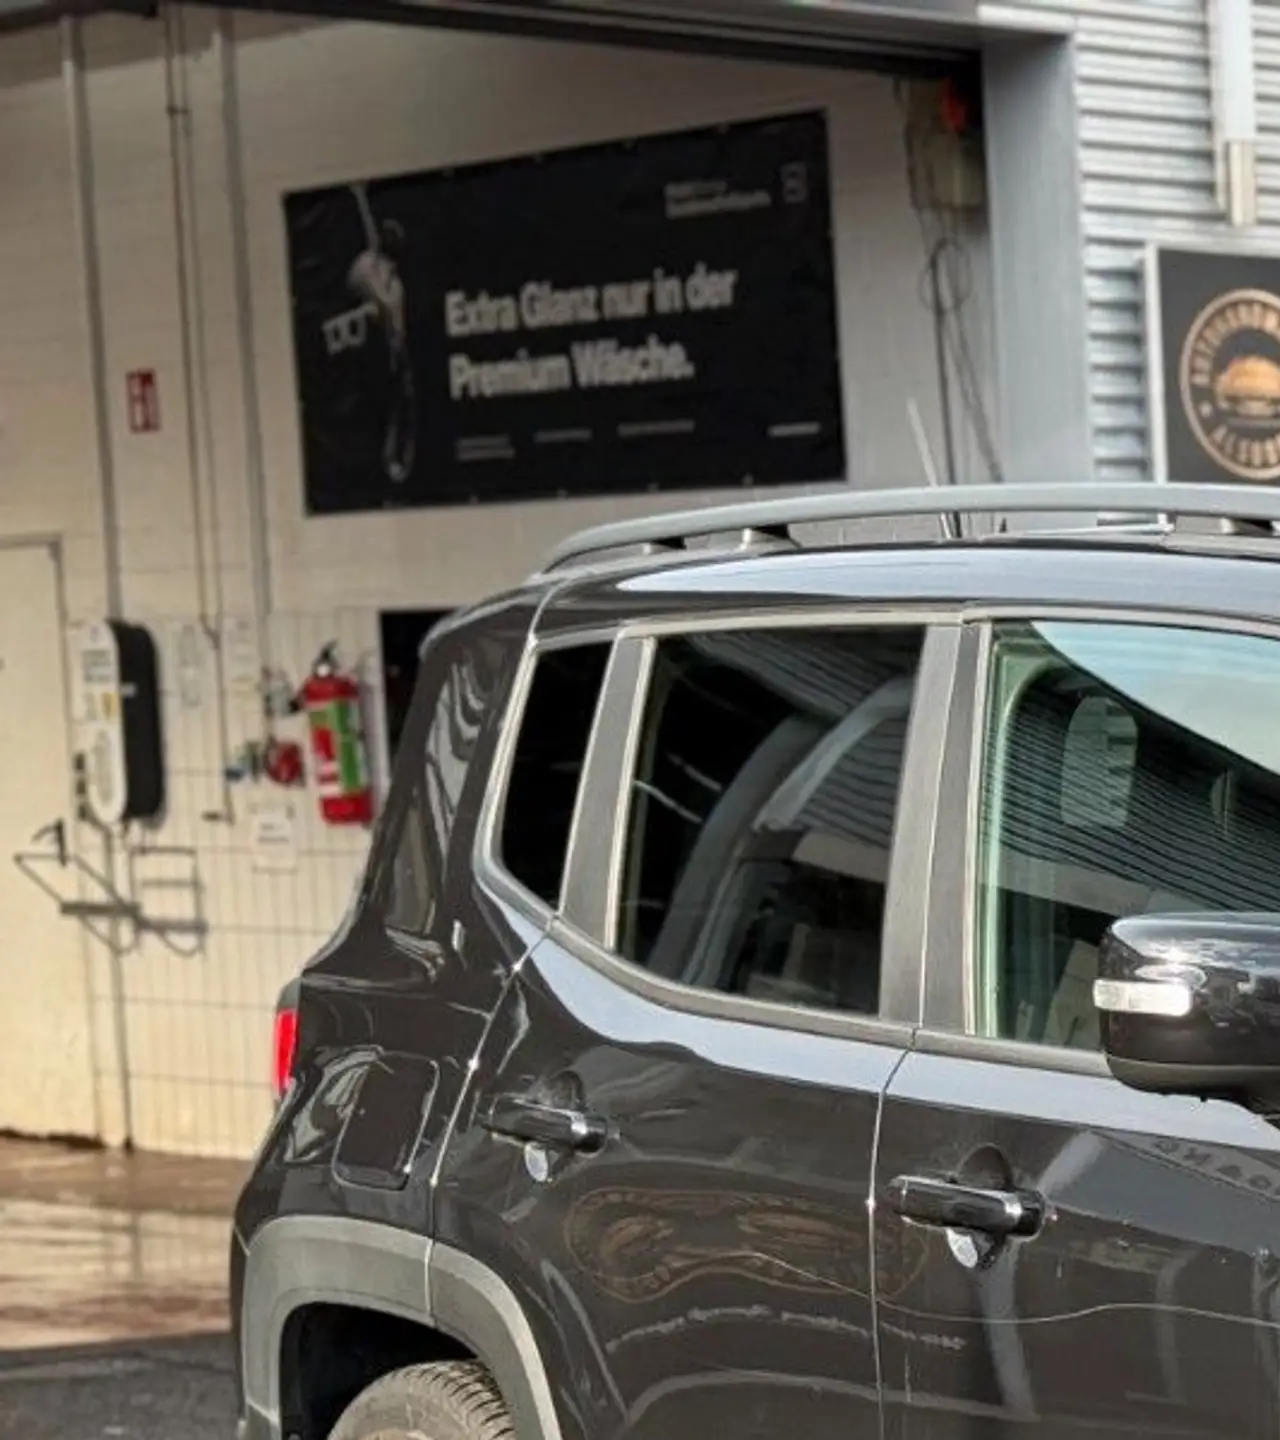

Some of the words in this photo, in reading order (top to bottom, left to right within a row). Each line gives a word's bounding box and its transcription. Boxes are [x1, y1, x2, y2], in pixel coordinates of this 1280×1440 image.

[445, 289, 518, 337] Extra
[520, 280, 601, 328] Glanz
[602, 280, 652, 320] nur
[653, 266, 683, 313] in
[685, 260, 739, 311] der
[449, 347, 571, 400] Premium
[570, 333, 695, 388] Wäsche.
+ + + + + + +
## What the task asks:
When you retype the material above, keep every word exact and drop the images.

## Task answer:
Some of the words in this photo, in reading order (top to bottom, left to right within a row). Each line gives a word's bounding box and its transcription. Boxes are [x1, y1, x2, y2], in pixel coordinates of this 1280×1440 image.

[445, 289, 518, 337] Extra
[520, 280, 601, 328] Glanz
[602, 280, 652, 320] nur
[653, 266, 683, 313] in
[685, 260, 739, 311] der
[449, 347, 571, 400] Premium
[570, 333, 695, 388] Wäsche.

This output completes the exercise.